There are cheap fixes to prevent crashes on Law Lane
Indiana University in Bloomington, Indiana included in their 2010 master plan an expensive and ambitious plan to extend Law Lane. The plan specified that the updated Law Lane should include bike lanes and off-street pedestrian sidewalks. A 2020 update to the master plan added detailed plans. The angled parking between Fee and Eagleson would be replaced with a protected bike lane. The sidewalk on the north side would become safer by closing five parking lot exits.
An independent pedestrian safety audit of Law Lane reached similar conclusions about recommended updates.
The safety cost of delayed street improvements
Now 15 years after those initial plans these safety upgrades still have not been implemented. At what cost to the safety of the IU community? In the crash data for that period, we can find crashes that could been prevented by the safety updates. Preventable crashes will continue until improvements are made.
Crashes since 2010 on Law Lane would have been prevented if the planned safety updates had already been made
- 13 unsafe backing crashes, which would be eliminated by planned protected multi-use path
- 5 crashes at parking lot exits which are planned to be closed
- 12 walking and biking crashes with cars which might be prevented by protected multi-use path
- 5 pedestrian crashes at the intersections which might be reduced by a shortened crossing distance provided by a protected path
- 19 total injuries related to walking, biking, unsafe backing, or unnecessary parking lot exits
These are only the recorded crashes, reported to the police. I didn't have to talk to many people from IU about this to hear from a student who was struck by a driver in a car exiting the Foster Quadrangle parking lot that went unreported.
The actual number of crashes is expected to be much higher. At least half of all pedestrian and bicyclist-involved crashes are underreported to the police. The rate of unreported pedestrian and bicyclist-involved crashes that required hospital visits was calculated by comparing the details of emergency room visits with the state crash database.

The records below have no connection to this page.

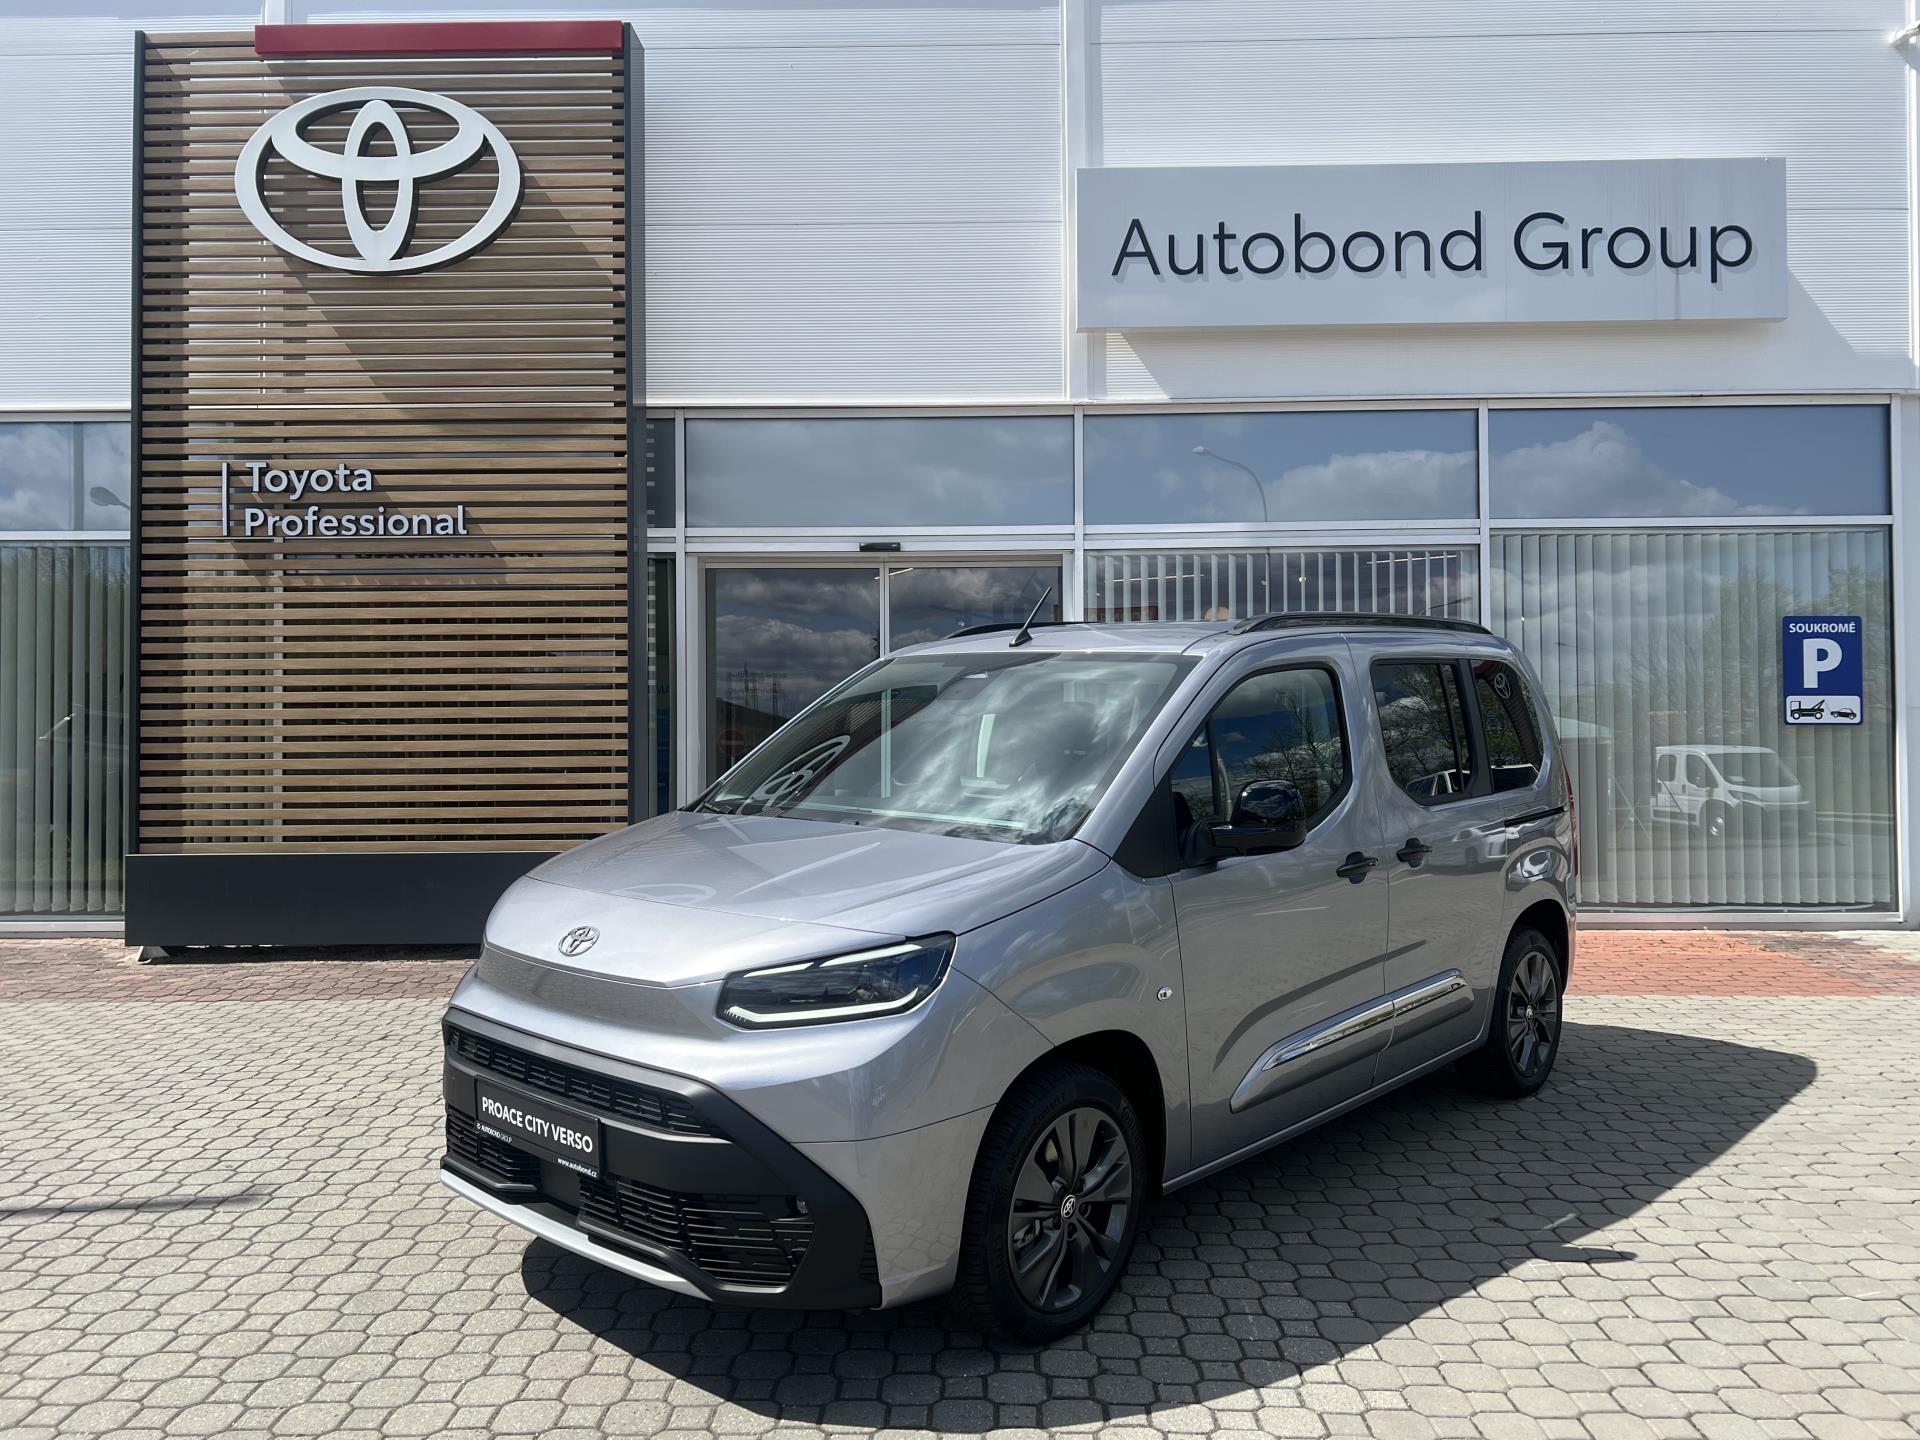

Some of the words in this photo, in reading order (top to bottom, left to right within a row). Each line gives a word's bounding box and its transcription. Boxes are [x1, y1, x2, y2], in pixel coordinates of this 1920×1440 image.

[1111, 210, 1483, 276] Autobond
[1513, 211, 1753, 284] Group
[245, 461, 374, 501] Toyota
[244, 505, 468, 537] Professional
[1788, 621, 1857, 633] SOUKROMÉ
[1803, 637, 1843, 689] P
[482, 1096, 524, 1128] PROACE
[524, 1115, 550, 1138] CITY
[551, 1123, 593, 1153] VERSO
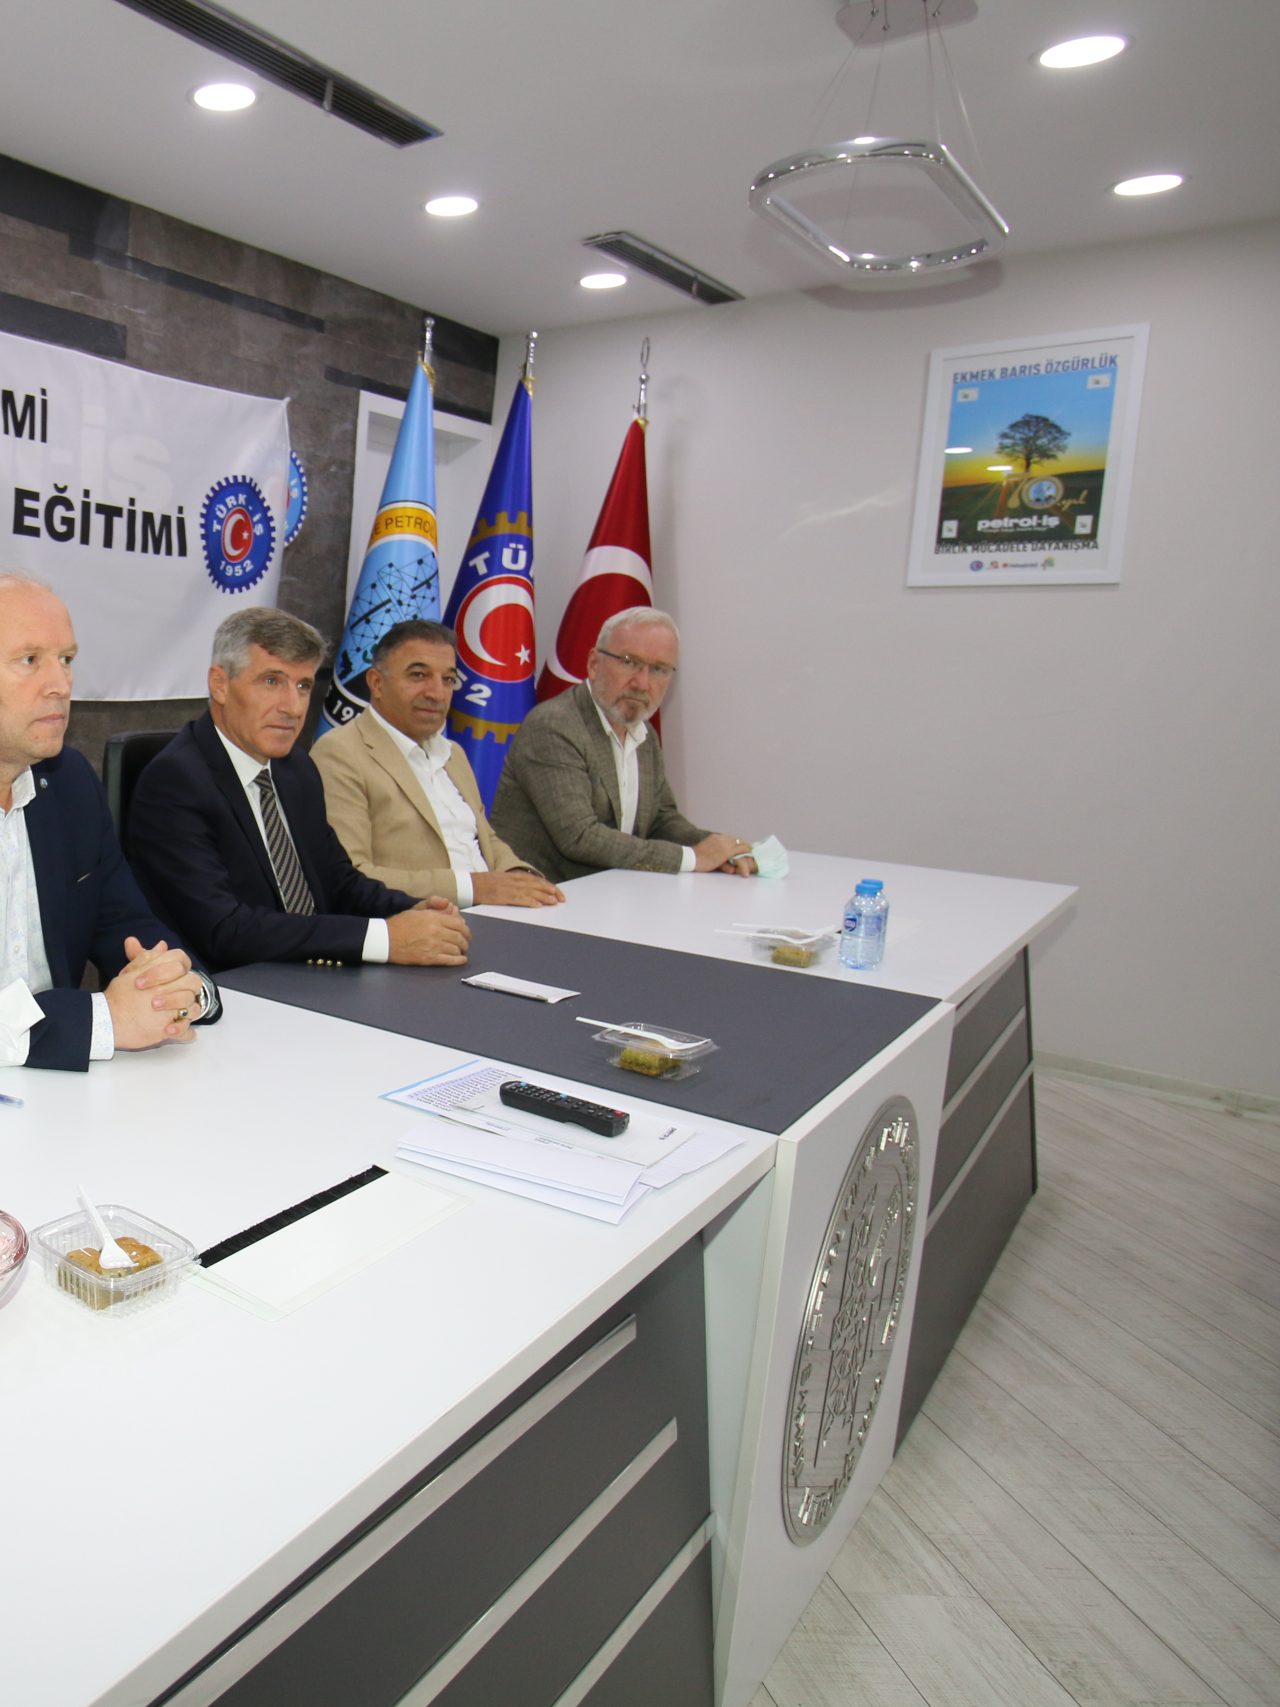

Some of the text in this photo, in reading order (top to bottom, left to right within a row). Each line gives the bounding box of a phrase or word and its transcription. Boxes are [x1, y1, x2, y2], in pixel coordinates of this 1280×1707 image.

[952, 369, 996, 385] EKMEK
[1044, 351, 1119, 374] ÖZGÜRLÜK
[13, 484, 187, 557] EĞİTİMİ
[219, 559, 254, 576] 1952

If similar rates hold here, then there have been about 40 preventable injuries on one block of Law Lane in the last 15 years.
What's the cost of a crash?
In 2012, the National Safety Council calculated the cost of a pedestrian injury to be around $58,700 per event. Crash costs may involve more than just an emergency room visit– there's the cost of the police response, possible legal fees, and opportunity costs related to missing work or school.
More recently in 2019, The Kansas Department of Transportation created a more detailed analysis of different kinds of crashes, including factoring in indirect and intangible costs.
Let's say we round the cost of a crash with an injury down to $100,000– lower than the lowest cost in the Kansas model. Given the estimated 40 crashes with injuries that design changes on Law Lane might have prevented since 2010, that's a total cost of about $4 million from potentially preventable crashes so far.
We are looking at about 12 years of crash data, so that's more than $330,000 per year.
The cost of short-term fixes that prioritize crash reduction
IU's plan to completely overhaul and extend Law Lane is grand and ambitious and doesn't have a timeline or price tag in the master plan. Are there temporary fixes that are cheap and fast enough to do now while waiting for the master plan to be implemented?
A quick protected multi-use path
Replacing the angled parking on the south side of Law Lane would eliminate the ongoing pattern of "unsafe backing" crashes and would allow pedestrians and cyclists to get down the block with no conflict points with cars, a win for safety. Atlanta provides an example of how this can be done quickly, inexpensively and attractively with painted concrete barriers. Here's what that solution would look like on Law Lane:
Research suggests these barriers may cost in the range of $500 for one 10-foot barrier. From Fee to Eagleson along Law is about 950 feet. That's about $50,000 for the barriers if IU needs to buy all new ones– a bargain for a street makeover project.
Reducing parking lot exits with concrete planters
Both the IU master plan and the pedestrian safety audit of the street recommended closing several of the parking lot exits that open to Law Lane. Most other parking lots in the area have one or two exits, but that lot has nine. Closing five exits as the plan calls for would still leave plenty of access. IU already has a fast and cheap way to indefinitely block car access: attractive planters.
Another large street planter is available online for about $2,400. So if another 10 were needed to block five exits, that would cost about $24,000 in supplies. Another bargain. As with the protective barriers, these could be saved and reused for other projects once the final Law Law Extension design is implemented.
What's injury prevention worth?
The quick fixes above total $74,000 in materials– barriers and planters which could be re-used for other projects later.
Compared to the calculated costs of crashes above, the cost of the temporary project could be less than the cost of injury-causing crashes in the first year.
Until IU gets around to implementing its master plan for an IU overhaul, some temporary safety measures to secure the street now are a bargain compared to the risk of a continued stream of injuries from the current design.